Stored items
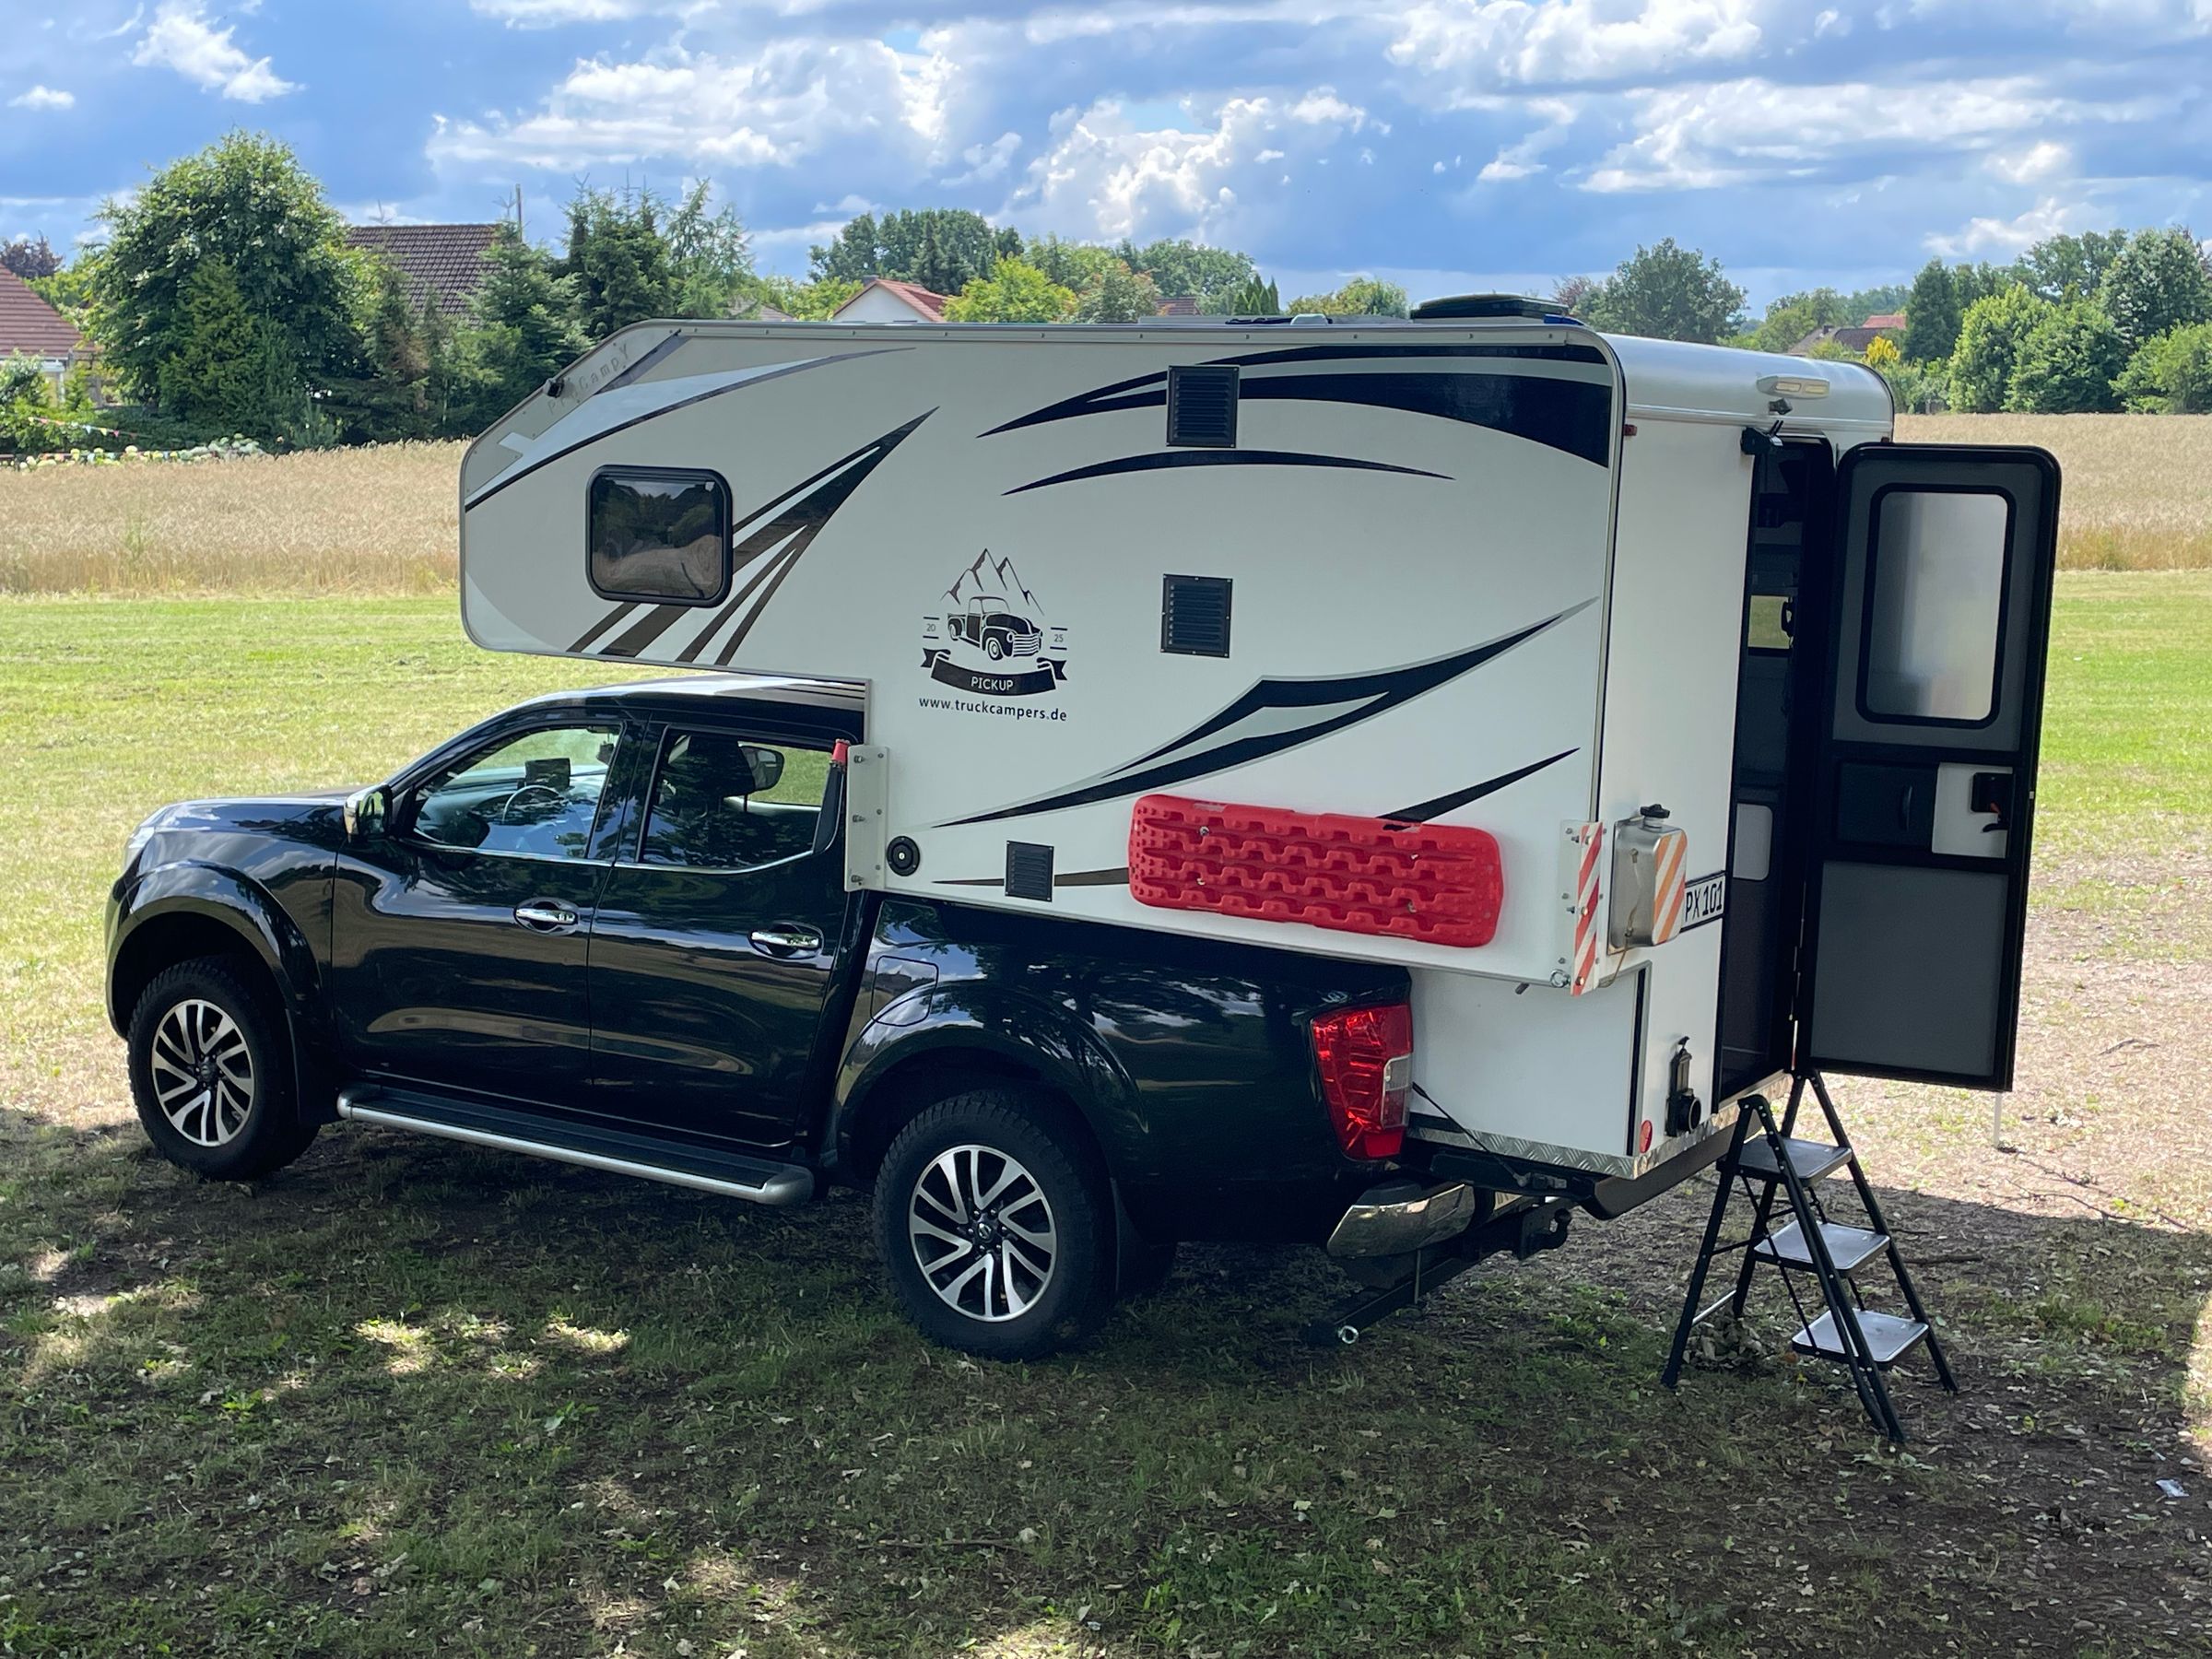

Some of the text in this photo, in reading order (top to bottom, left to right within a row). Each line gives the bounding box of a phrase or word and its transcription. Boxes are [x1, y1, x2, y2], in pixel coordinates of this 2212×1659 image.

[925, 622, 936, 633] 20
[1053, 633, 1065, 644] 25
[971, 676, 1014, 691] PICKUP
[919, 697, 1067, 721] www.truckcampers.de
[1685, 880, 1723, 922] PX 101

YOUR INSTRUCTIONS:
After dropping every picture, transcribe each entry exactly.

RESPONSE TO THE EXERCISE:
Some of the text in this photo, in reading order (top to bottom, left to right within a row). Each line gives the bounding box of a phrase or word and its transcription. Boxes are [x1, y1, x2, y2], in pixel coordinates of this 2212×1659 image.

[925, 622, 936, 633] 20
[1053, 633, 1065, 644] 25
[971, 676, 1014, 691] PICKUP
[919, 697, 1067, 721] www.truckcampers.de
[1685, 880, 1723, 922] PX 101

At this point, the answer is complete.